Publication : 17/06/2004  |  00:00  |  Auteur : Jean Dionis

Monsieur le Président,
Monsieur le Ministre,
Mes chers collègues,

Le 26 novembre 2003, la loi relative à la maîtrise de l’immigration et au séjour des étrangers en France était promulguée. Parmi les dispositions contenues dans ce texte, il était procédé à une réécriture de l’article 26 au terme duquel les conditions de non expulsion des étrangers étaient élargies, à l’exception de trois cas et ce quelle que soit la situation de cet étranger. Autrement dit, ces trois dispositions priment sur toute situation et justifient dès lors une mesure d’éloignement du territoire de plein droit. L’équilibre entre la protection due à ces étrangers et les exigences de l’ordre public avait été trouvé à cette occasion et avait d’ailleurs fait l’objet d’un consensus sur la plupart des bancs de cette assemblée.

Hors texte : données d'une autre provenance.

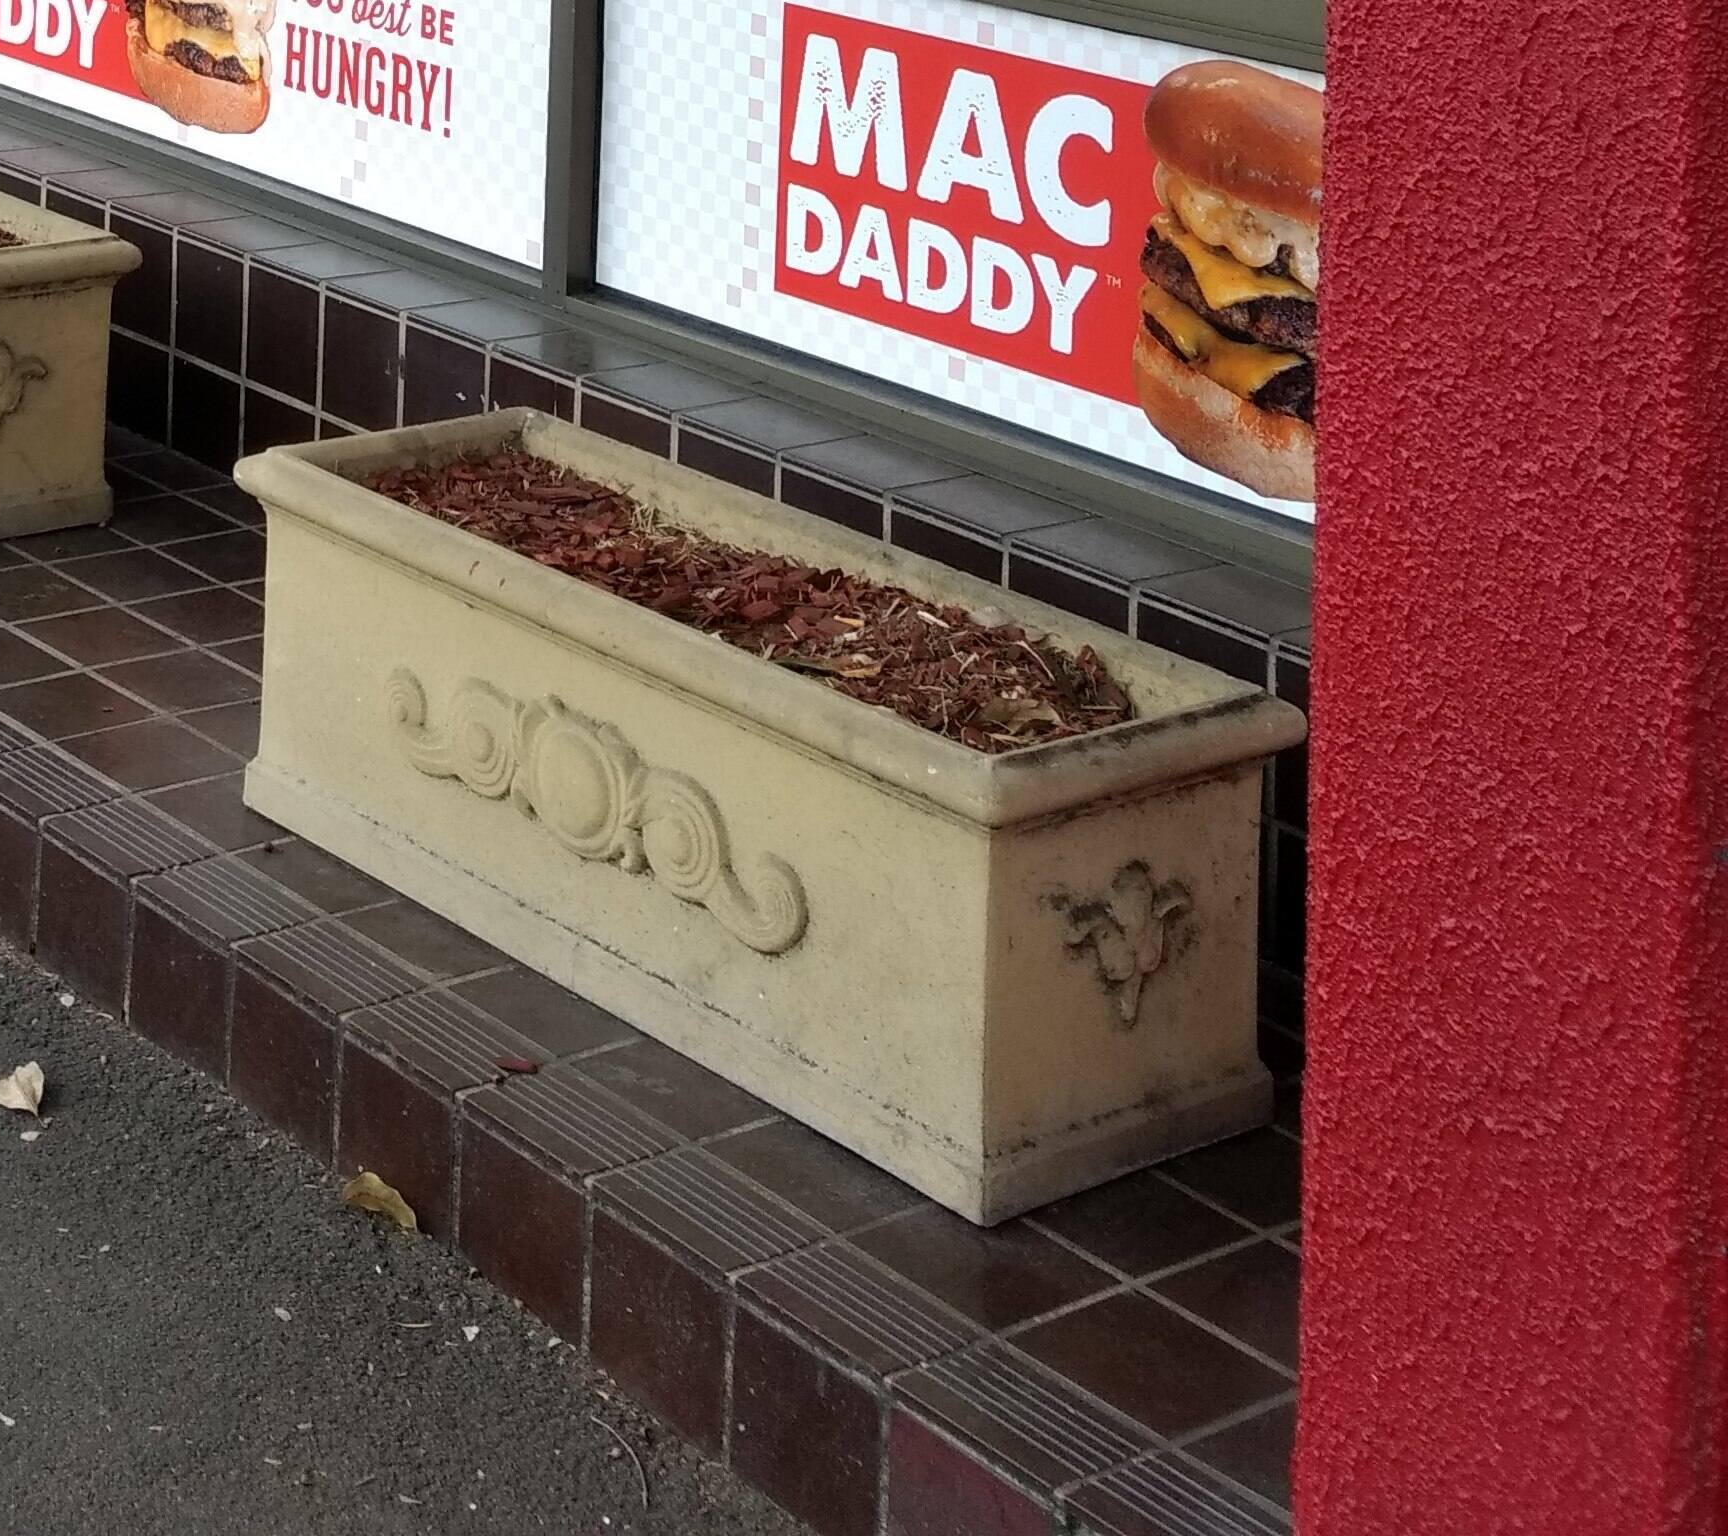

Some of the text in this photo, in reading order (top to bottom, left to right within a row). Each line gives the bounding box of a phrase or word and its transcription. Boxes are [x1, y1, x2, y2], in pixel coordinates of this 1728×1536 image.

[283, 19, 455, 139] HUNGRY!
[420, 5, 456, 48] BE
[788, 32, 1114, 249] MAC
[785, 182, 1098, 356] DADDY
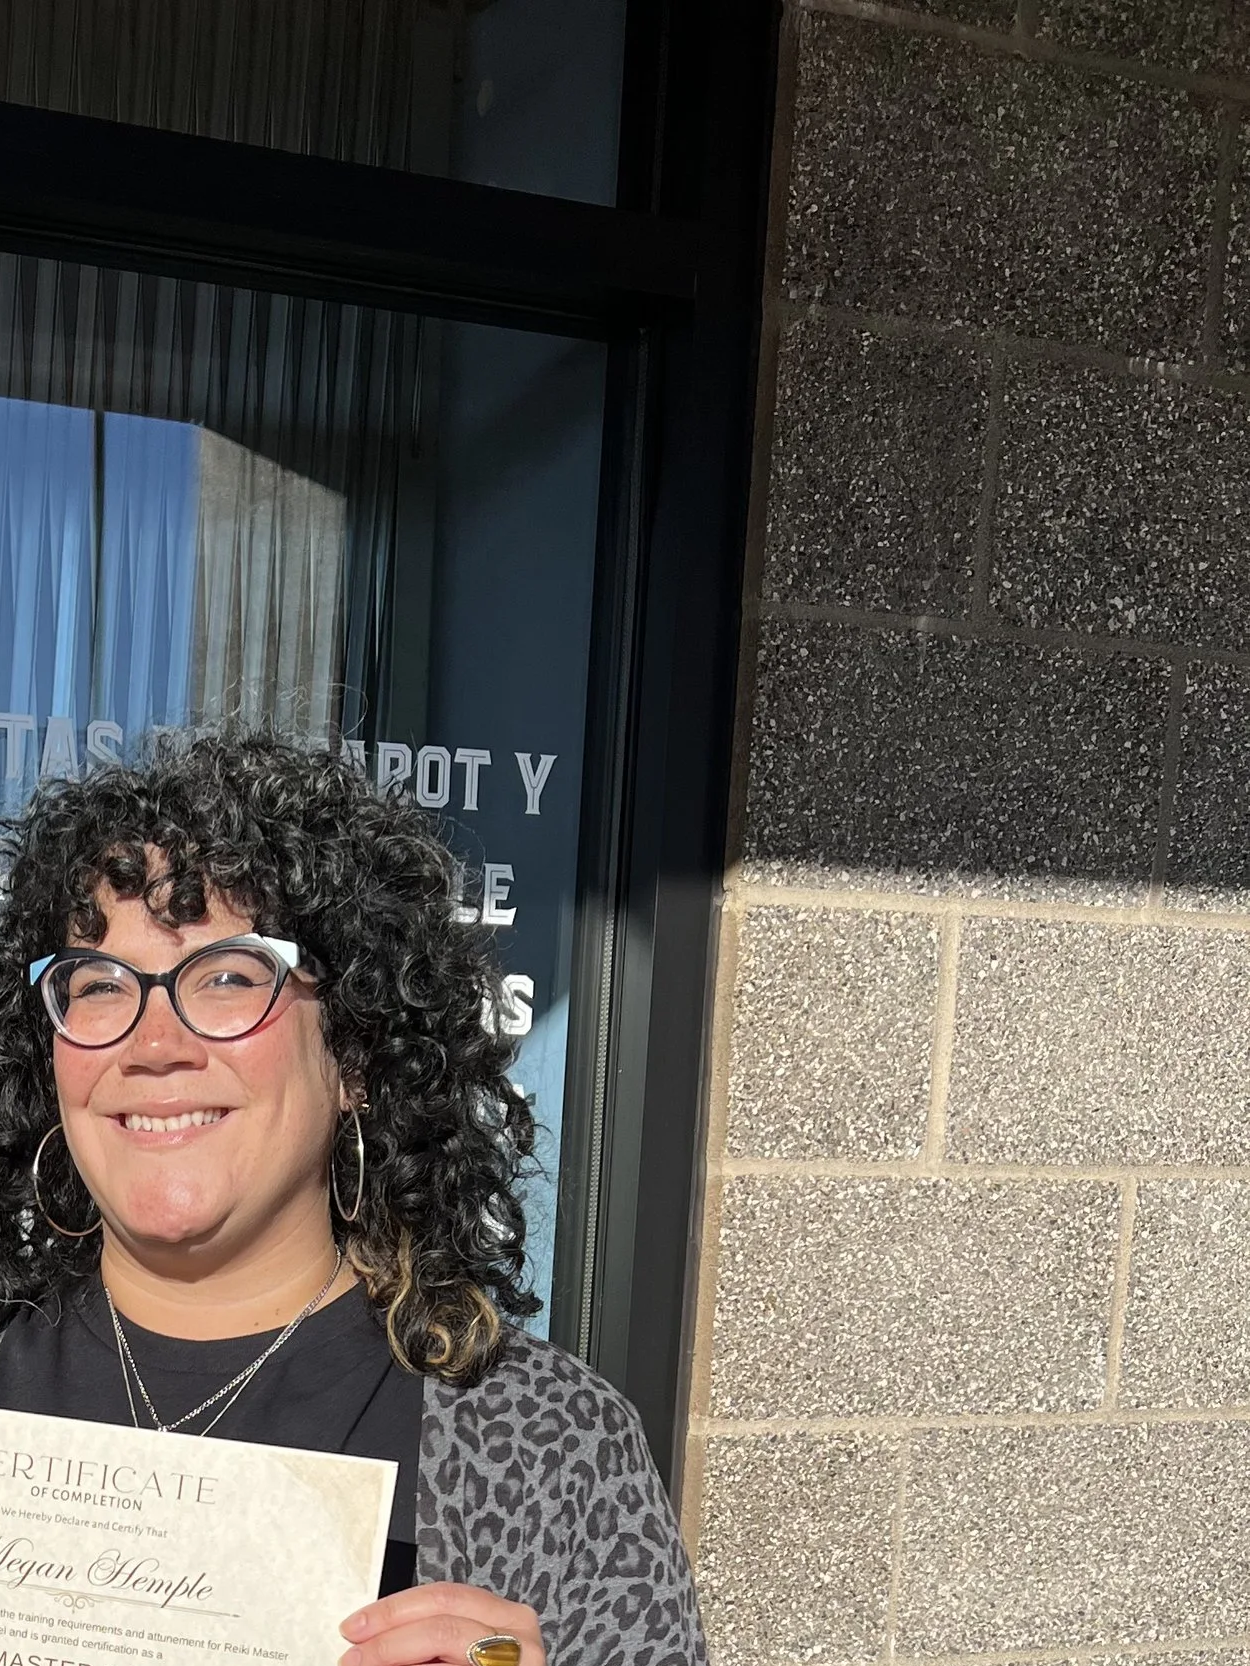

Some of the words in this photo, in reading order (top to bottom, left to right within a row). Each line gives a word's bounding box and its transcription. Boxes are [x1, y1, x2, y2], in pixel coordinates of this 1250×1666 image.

Peut donc faire l’objet d’une expulsion, l’étranger dont le comportement est de nature à porter atteinte aux intérêts fondamentaux de l’Etat ou lié à des activités à caractère terroriste ou dont le comportement constitue des actes de provocation à la discrimination, à la haine ou à la violence à raison de l’origine ou de la religion des personnes.
La nouvelle rédaction de l’article 26 avait pour but de diminuer considérablement le champ d’action de la double peine. Trop de situations absurdes avaient vu le jour et le ministre de l’intérieur s’était engagé à en réduire sa portée. Il n’était plus tolérable d’expulser des étrangers, déjà sanctionnés, vivant en France depuis leur enfance et une famille et des attaches sur notre territoire.
Néanmoins, il était clair dans l’esprit du texte que tout complot terroriste ou contraire aux intérêts de l’Etat ou encore toute provocation à la haine ou à la discrimination pouvaient faire l’objet d’une expulsion.
C’est dans ce contexte législatif qu’est intervenu au mois d’avril 2004, l’affaire dite de l’imam de Vénissieux. A l’origine d’une déclaration prônant la violence conjugale en cas d’adultère, M Abdelkader Bouziane, déjà sous le coup d’un arrêté d’expulsion, s’est vu mettre en centre de rétention. Ces déclarations devaient permettre d’expulser M Bouziane dont les motifs du premier arrêté d’expulsion demeuraient flous.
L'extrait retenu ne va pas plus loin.